[Phrase grounding data]
#####
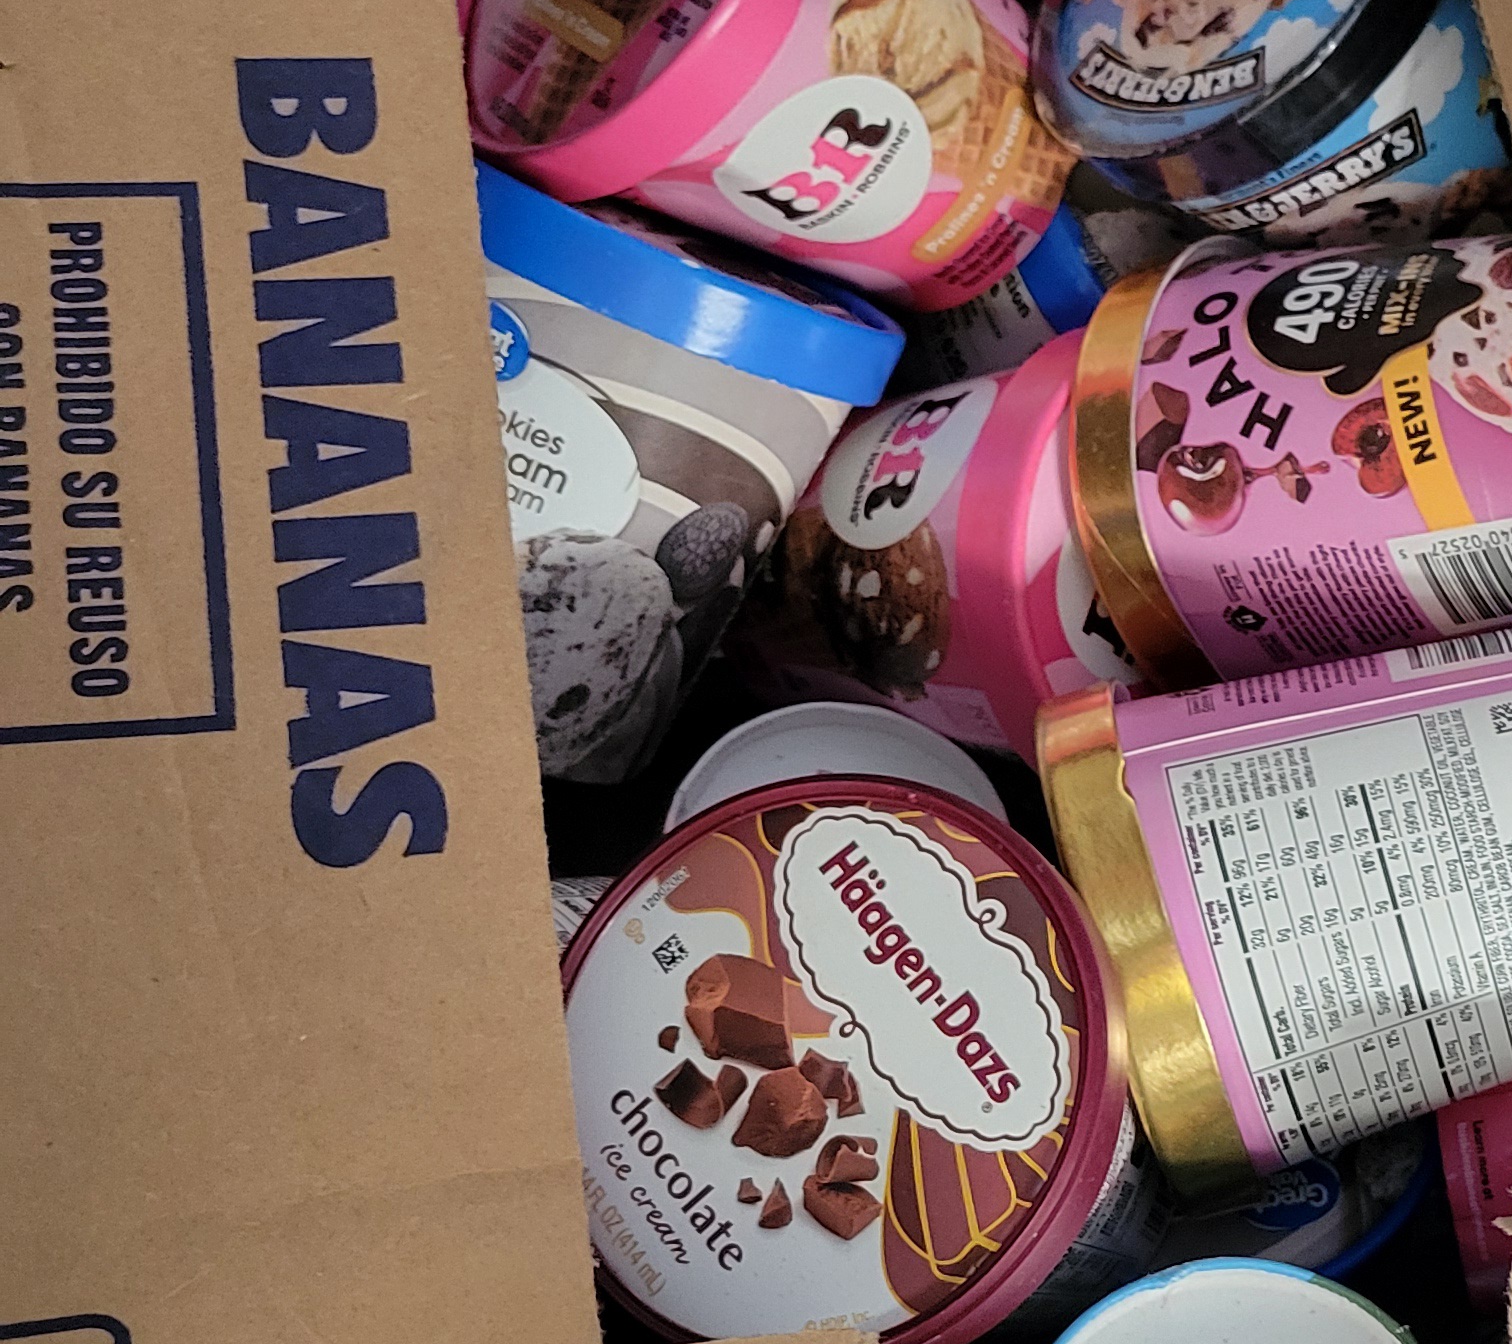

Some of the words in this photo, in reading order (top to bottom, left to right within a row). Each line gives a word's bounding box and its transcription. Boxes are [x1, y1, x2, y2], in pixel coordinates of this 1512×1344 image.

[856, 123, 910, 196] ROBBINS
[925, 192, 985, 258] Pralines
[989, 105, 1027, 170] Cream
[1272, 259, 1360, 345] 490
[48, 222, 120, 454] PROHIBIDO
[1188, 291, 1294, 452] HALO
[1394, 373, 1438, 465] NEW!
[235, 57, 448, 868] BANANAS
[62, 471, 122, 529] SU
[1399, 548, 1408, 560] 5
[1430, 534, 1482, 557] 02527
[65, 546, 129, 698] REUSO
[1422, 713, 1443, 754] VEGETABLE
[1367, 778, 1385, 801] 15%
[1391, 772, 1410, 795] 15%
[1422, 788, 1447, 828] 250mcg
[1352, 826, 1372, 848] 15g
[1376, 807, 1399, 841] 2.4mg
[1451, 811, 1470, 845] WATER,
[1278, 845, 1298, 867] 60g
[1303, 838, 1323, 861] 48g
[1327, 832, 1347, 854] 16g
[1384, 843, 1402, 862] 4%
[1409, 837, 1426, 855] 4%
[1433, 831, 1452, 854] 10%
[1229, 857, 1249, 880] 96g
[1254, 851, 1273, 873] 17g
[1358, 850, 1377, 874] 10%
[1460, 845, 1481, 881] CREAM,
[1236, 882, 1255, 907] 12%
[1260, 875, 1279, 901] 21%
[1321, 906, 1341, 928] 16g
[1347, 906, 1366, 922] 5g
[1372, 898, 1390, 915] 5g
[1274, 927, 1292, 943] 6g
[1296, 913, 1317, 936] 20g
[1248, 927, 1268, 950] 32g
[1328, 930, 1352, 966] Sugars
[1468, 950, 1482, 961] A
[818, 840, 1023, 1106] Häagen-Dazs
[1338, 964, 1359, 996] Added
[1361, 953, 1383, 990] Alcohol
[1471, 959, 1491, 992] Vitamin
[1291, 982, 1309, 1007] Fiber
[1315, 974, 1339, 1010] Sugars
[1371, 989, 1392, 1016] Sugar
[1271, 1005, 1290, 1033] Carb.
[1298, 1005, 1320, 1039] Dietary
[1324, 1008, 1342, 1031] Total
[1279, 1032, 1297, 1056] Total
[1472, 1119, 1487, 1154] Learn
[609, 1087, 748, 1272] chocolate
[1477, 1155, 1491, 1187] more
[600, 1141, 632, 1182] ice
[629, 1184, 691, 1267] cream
#####
*WHAT TO WORK ON:*
Would you please repeat the entries above verbatim, excluding each picture?

*ANSWER SPACE:*
Some of the words in this photo, in reading order (top to bottom, left to right within a row). Each line gives a word's bounding box and its transcription. Boxes are [x1, y1, x2, y2], in pixel coordinates of this 1512×1344 image.

[856, 123, 910, 196] ROBBINS
[925, 192, 985, 258] Pralines
[989, 105, 1027, 170] Cream
[1272, 259, 1360, 345] 490
[48, 222, 120, 454] PROHIBIDO
[1188, 291, 1294, 452] HALO
[1394, 373, 1438, 465] NEW!
[235, 57, 448, 868] BANANAS
[62, 471, 122, 529] SU
[1399, 548, 1408, 560] 5
[1430, 534, 1482, 557] 02527
[65, 546, 129, 698] REUSO
[1422, 713, 1443, 754] VEGETABLE
[1367, 778, 1385, 801] 15%
[1391, 772, 1410, 795] 15%
[1422, 788, 1447, 828] 250mcg
[1352, 826, 1372, 848] 15g
[1376, 807, 1399, 841] 2.4mg
[1451, 811, 1470, 845] WATER,
[1278, 845, 1298, 867] 60g
[1303, 838, 1323, 861] 48g
[1327, 832, 1347, 854] 16g
[1384, 843, 1402, 862] 4%
[1409, 837, 1426, 855] 4%
[1433, 831, 1452, 854] 10%
[1229, 857, 1249, 880] 96g
[1254, 851, 1273, 873] 17g
[1358, 850, 1377, 874] 10%
[1460, 845, 1481, 881] CREAM,
[1236, 882, 1255, 907] 12%
[1260, 875, 1279, 901] 21%
[1321, 906, 1341, 928] 16g
[1347, 906, 1366, 922] 5g
[1372, 898, 1390, 915] 5g
[1274, 927, 1292, 943] 6g
[1296, 913, 1317, 936] 20g
[1248, 927, 1268, 950] 32g
[1328, 930, 1352, 966] Sugars
[1468, 950, 1482, 961] A
[818, 840, 1023, 1106] Häagen-Dazs
[1338, 964, 1359, 996] Added
[1361, 953, 1383, 990] Alcohol
[1471, 959, 1491, 992] Vitamin
[1291, 982, 1309, 1007] Fiber
[1315, 974, 1339, 1010] Sugars
[1371, 989, 1392, 1016] Sugar
[1271, 1005, 1290, 1033] Carb.
[1298, 1005, 1320, 1039] Dietary
[1324, 1008, 1342, 1031] Total
[1279, 1032, 1297, 1056] Total
[1472, 1119, 1487, 1154] Learn
[609, 1087, 748, 1272] chocolate
[1477, 1155, 1491, 1187] more
[600, 1141, 632, 1182] ice
[629, 1184, 691, 1267] cream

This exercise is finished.